= Port Phillip District Special Surveys =

In August 1840, the Colonial Land and Emigration Commissioners of the British Government decided to allow the purchase of land anywhere in the Port Phillip District of New South Wales (now in Victoria), Australia. Special Surveys could be requested to enable the purchase of 5120 acre, or eight square miles, for £1 per acre. This price was significantly below the value of the land at that time.

To restrict the sale of valuable land, Governor Gipps introduced regulations in March 1841 that required the land to be more than 5 mi from a surveyed township, and to restrict the water-frontage to one mile (1.6 km) per four square miles of area.

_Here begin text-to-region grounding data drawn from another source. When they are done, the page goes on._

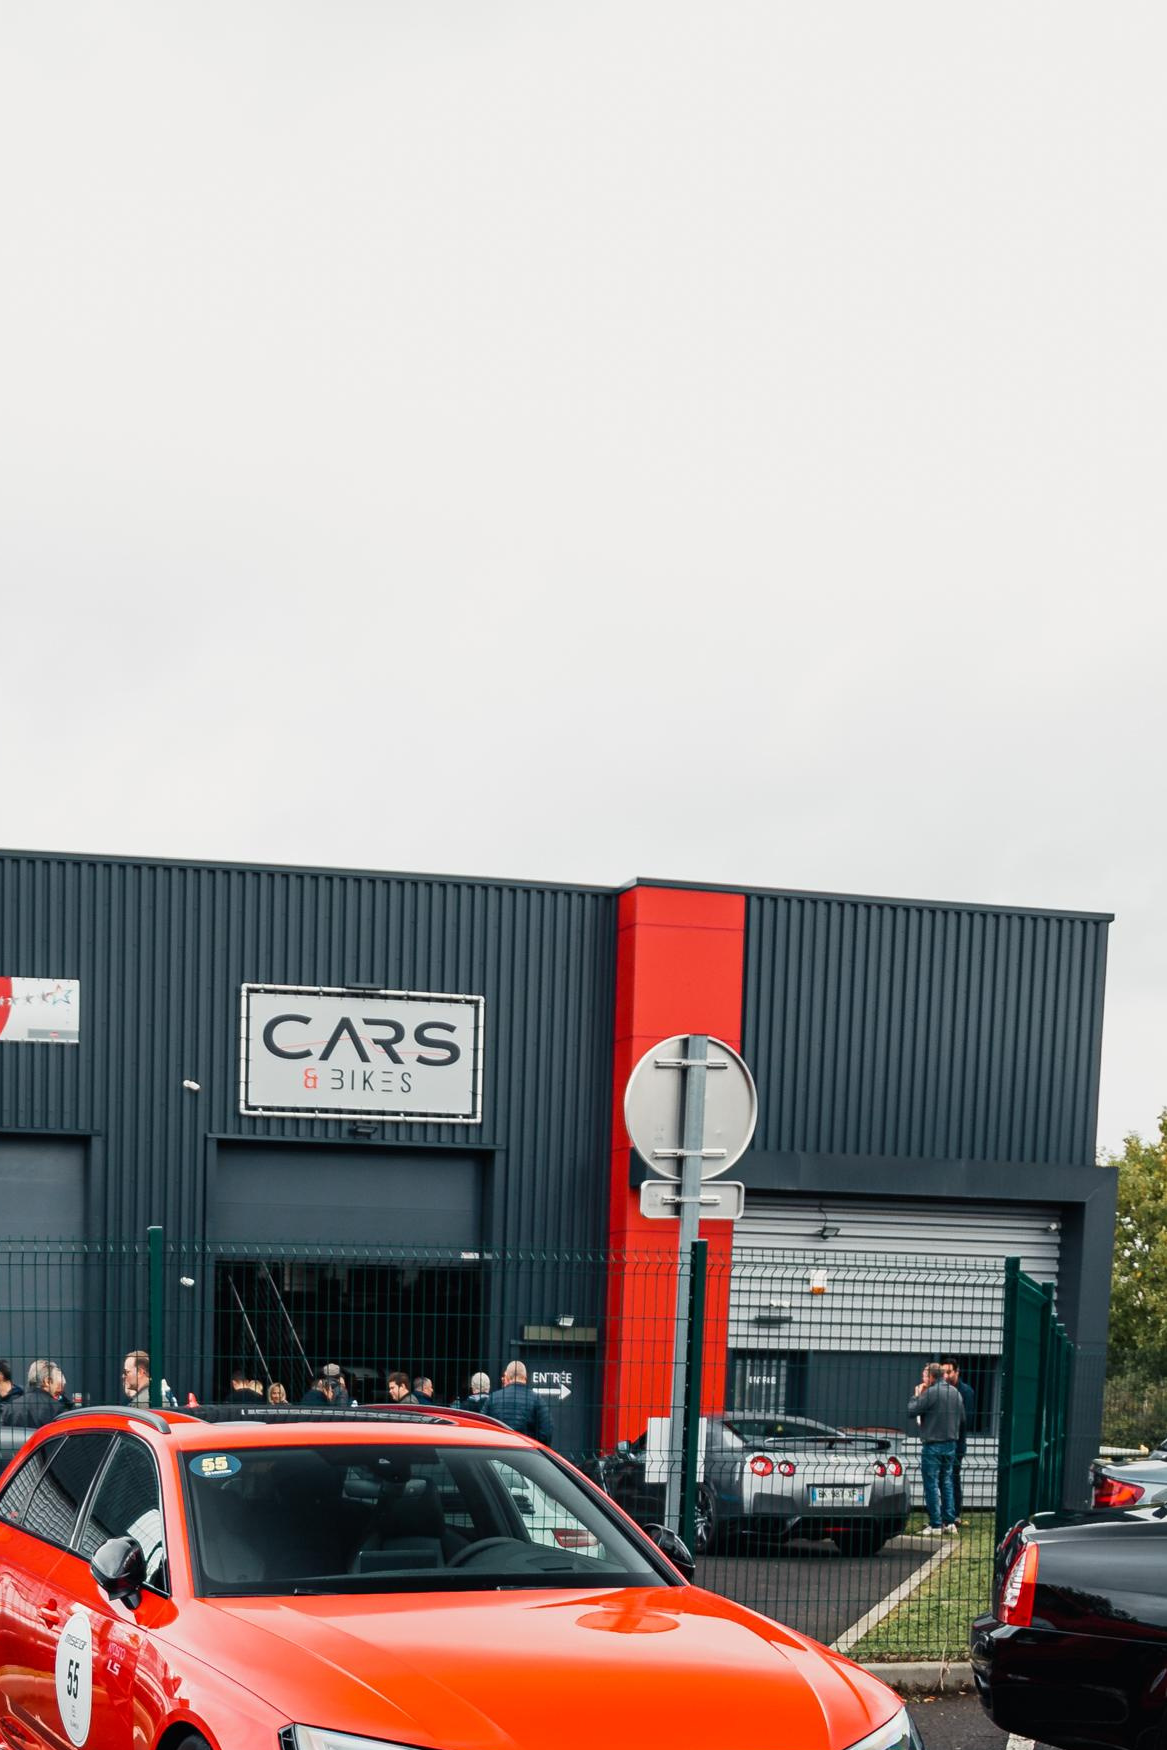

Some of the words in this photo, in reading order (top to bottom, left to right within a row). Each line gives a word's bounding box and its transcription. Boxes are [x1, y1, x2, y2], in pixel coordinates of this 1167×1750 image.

[262, 1013, 461, 1067] CARS
[303, 1067, 319, 1089] &
[331, 1068, 413, 1093] BIKES
[532, 1370, 572, 1384] ENTRÉE
[202, 1456, 228, 1471] 55
[66, 1658, 80, 1699] 55

Eight special surveys were advertised in June 1841:

1. Frederic Unwin's survey at Templestowe, near Melbourne
2. Henry Dendy's survey at Brighton, near Melbourne
3. William Rutledge's survey at Kilmore
4. John Orr's survey near the Albert River, near Corner Inlet
5. William Rutledge's survey near the Albert River, near Corner Inlet
6. Hugh Jamieson's survey between Mount Martha and Arthur's Seat on the Mornington Peninsula.
7. Henry Elgar's survey at Box Hill and Balwyn, near Melbourne
8. John Reeve's survey on the Tarra River, near Corner Inlet

A survey for James Atkinson for 5120 acre near Port Fairy was advertised in 1843.
This survey had been delayed by disputes over the boundaries.

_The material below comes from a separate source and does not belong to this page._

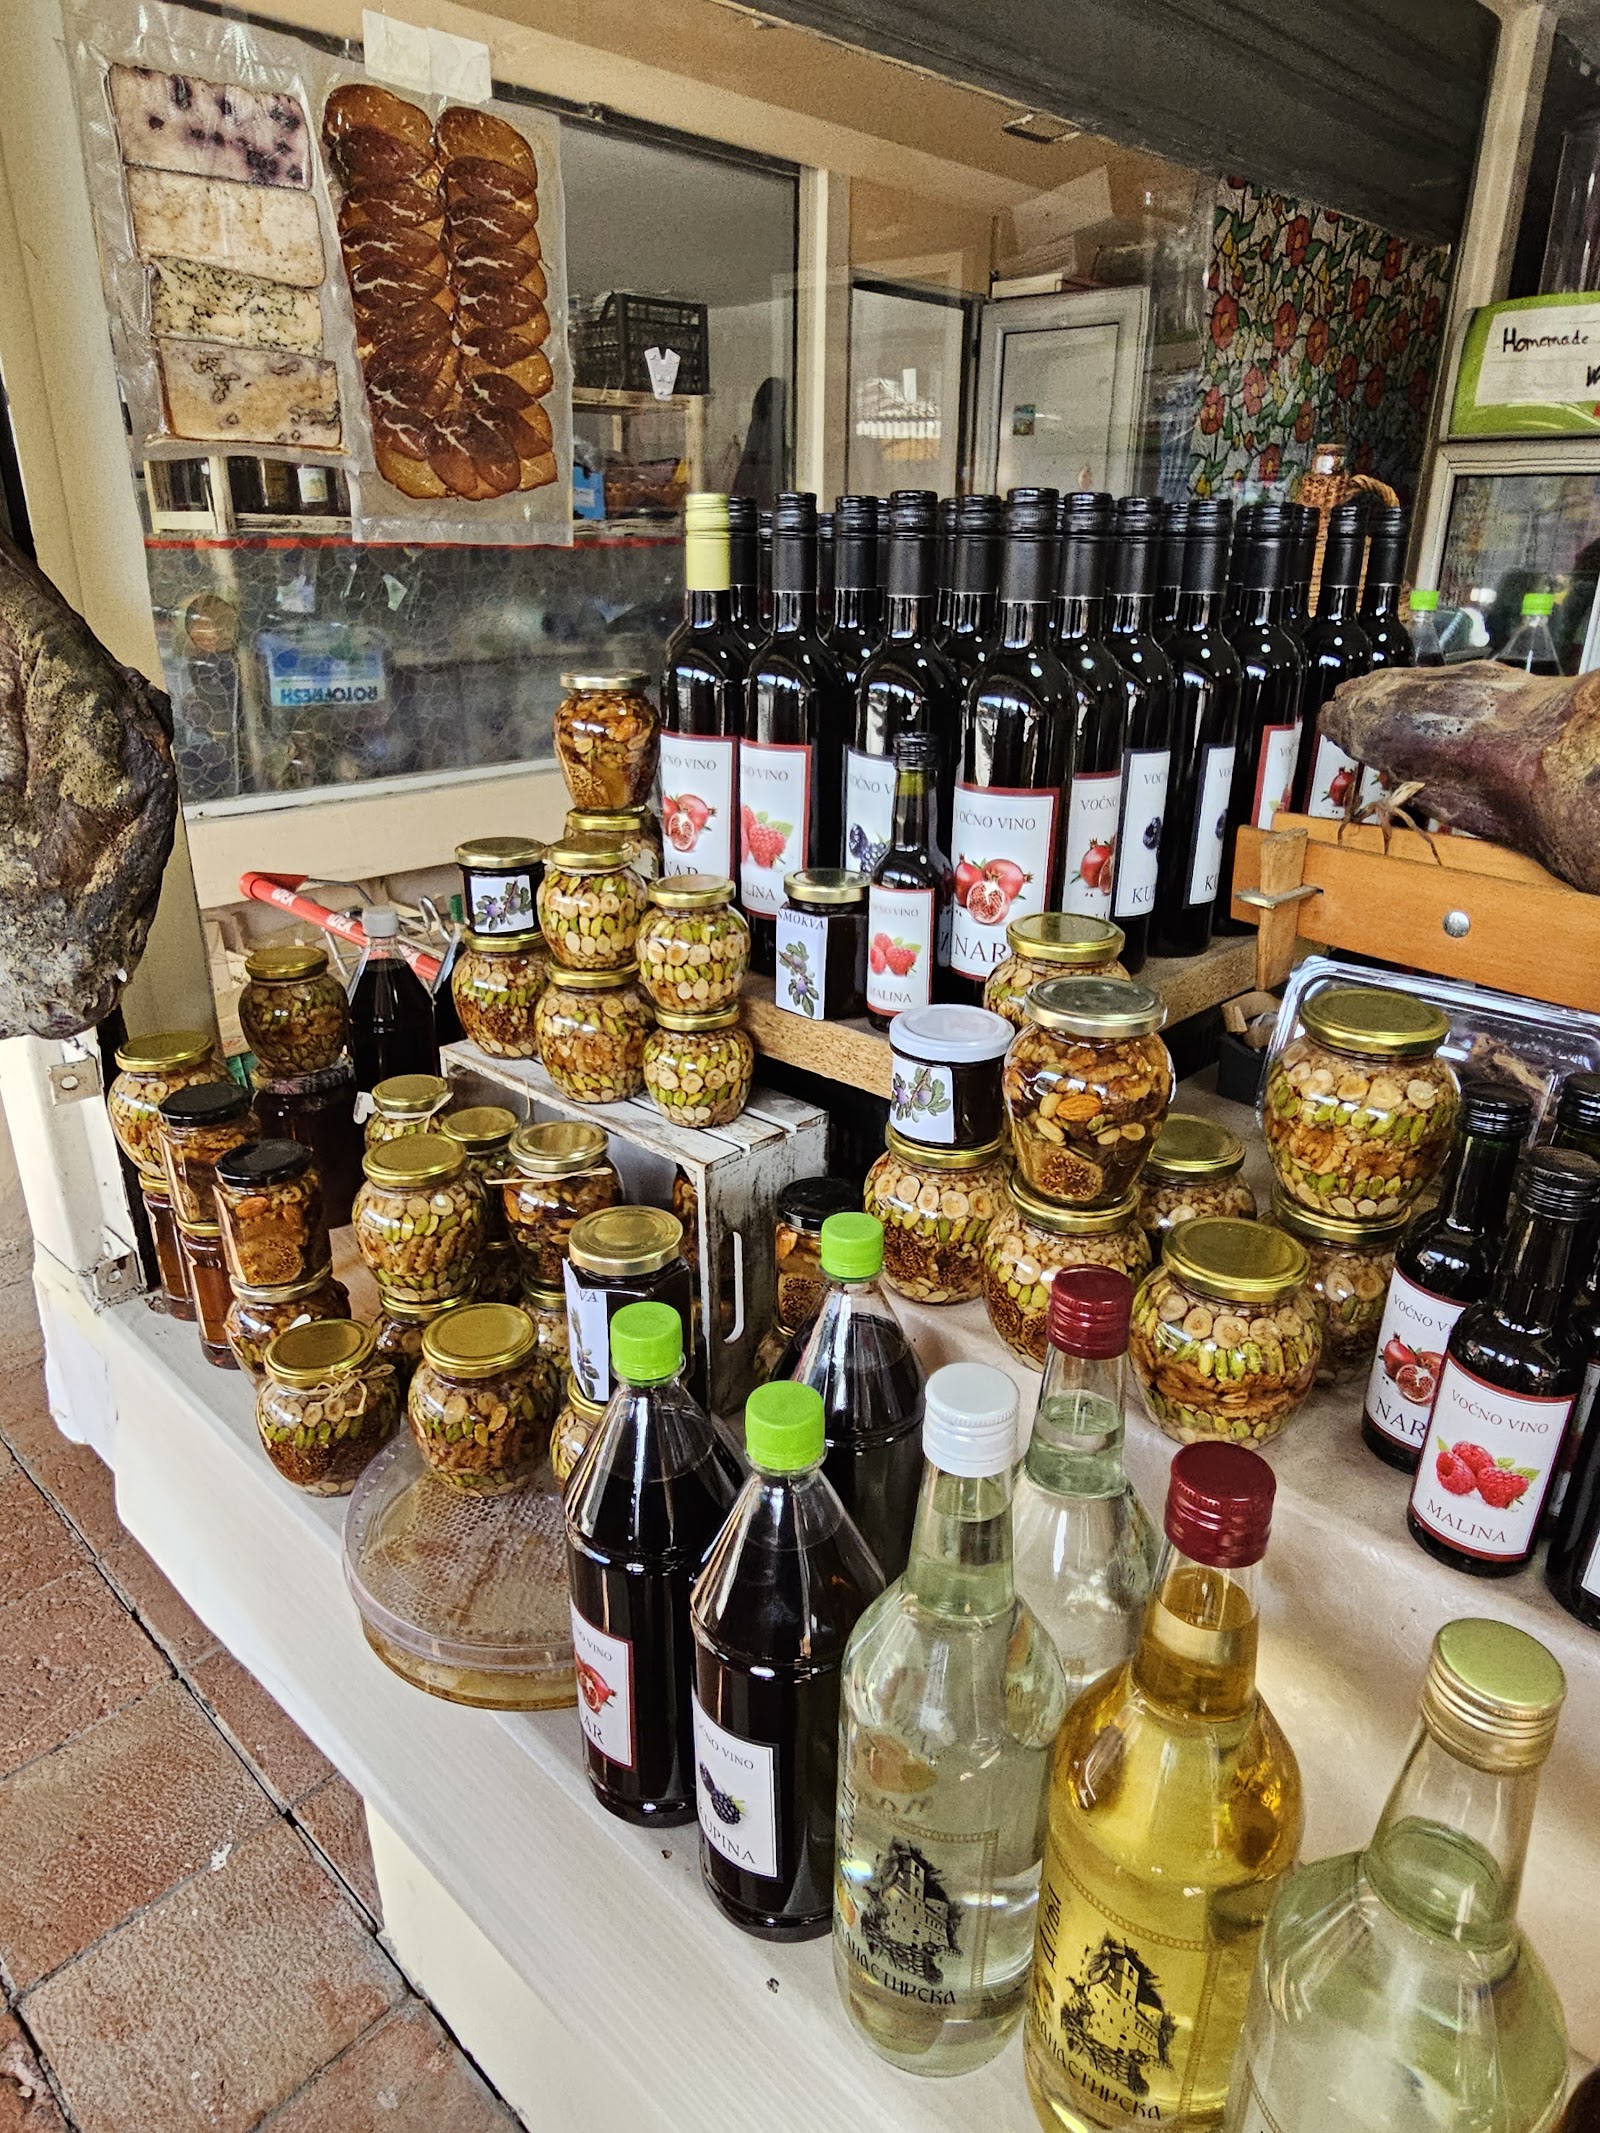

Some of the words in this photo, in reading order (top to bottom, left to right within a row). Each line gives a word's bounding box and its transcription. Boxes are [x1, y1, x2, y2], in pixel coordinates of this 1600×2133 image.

Rutledge did not take up the Port Albert survey. In its place he purchased land near the present Koroit in western Victoria.

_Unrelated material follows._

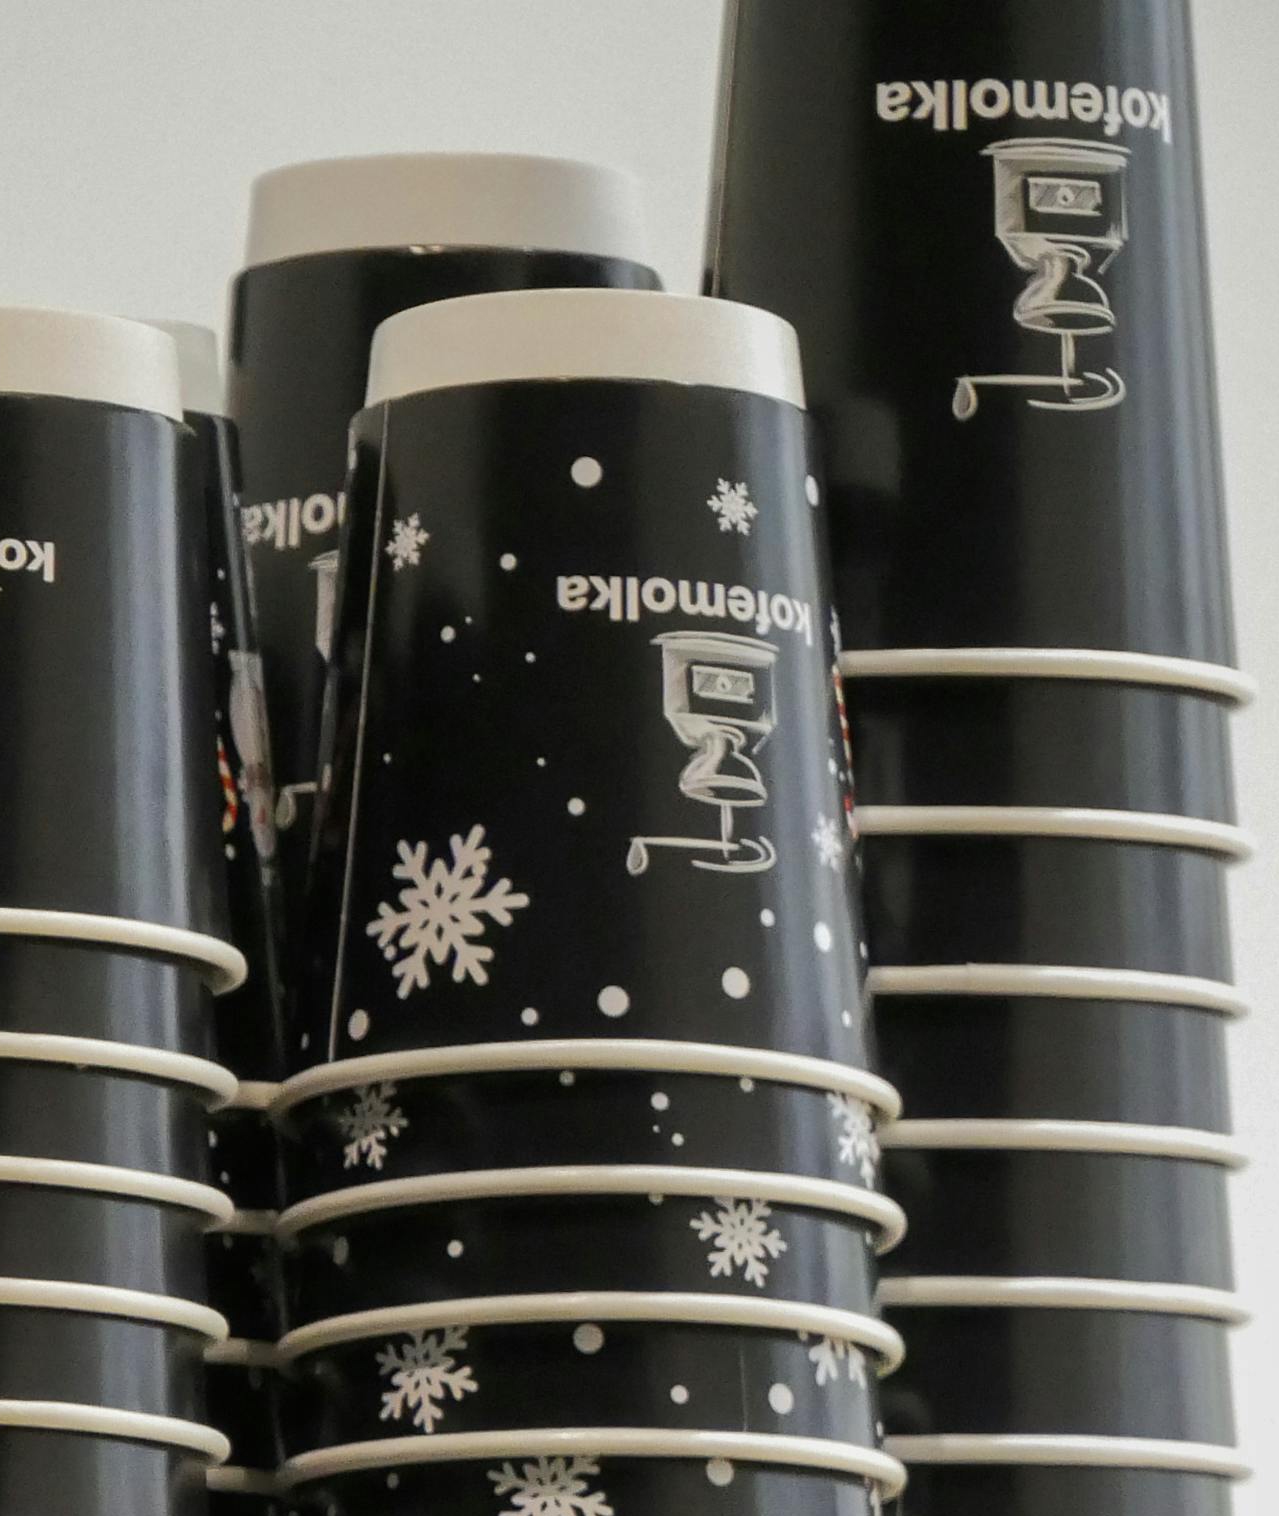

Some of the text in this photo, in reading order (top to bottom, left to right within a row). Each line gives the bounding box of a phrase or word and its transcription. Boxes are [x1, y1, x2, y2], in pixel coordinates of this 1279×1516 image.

[876, 77, 1173, 144] kofemolka
[240, 491, 347, 551] olka
[556, 574, 814, 647] kofemolka

Originally the five mile (8 km) distance from Melbourne was taken from the declared outer boundary of Melbourne, Hoddle Street. This was later amended to the distance from the centre of Melbourne, apparently taken as the intersection of Bourke Street and Elizabeth Street. As a consequence, Unwin and Elgar were granted land nearer to the city. The original location of the special surveys are shown in maps of Port Phillip District by Russell and Hoddle, drawn in 1841.

The regulation was rescinded in August 1841.

The Unwin's, Dendy's and especially Elgar's Special Surveys have had a lasting effect on the alignment of Melbourne subdivisions and roads as some boundaries did not conform to the one mile (1.6 km) interval survey Section lines running north–south and east–west referenced from the survey datum at Batman's Hill.

==Notes==
1. According to The Sydney Gazette of 24 June 1841, Those gentleman who have been fortunate enough to obtain special surveys in our province, have had ample reason to be thankful. Mr. Rutledge has disposed of one acre of his special survey on the Sydney road (which cost him £1) for £100, and he has refused an offer of £2 per acre for the whole. Mr. Elgar, who holds another special survey near the Yarra Yarra, about 7 miles from Melbourne, has refused £8 an acre for one hundred acres. Mr. Unwin of Sydney is asking £30 an acre for his selection, and has been made a very liberal offer for the whole. Mr. Jamieson, who took his special survey on the margin of our magnificent bay near Mount Barker, has been offered a handsome price for a large portion of his estate. Verily the time for speculating in land has not yet gone by.
2. Further information can be found in the books by Shaw, Bate, and Lay.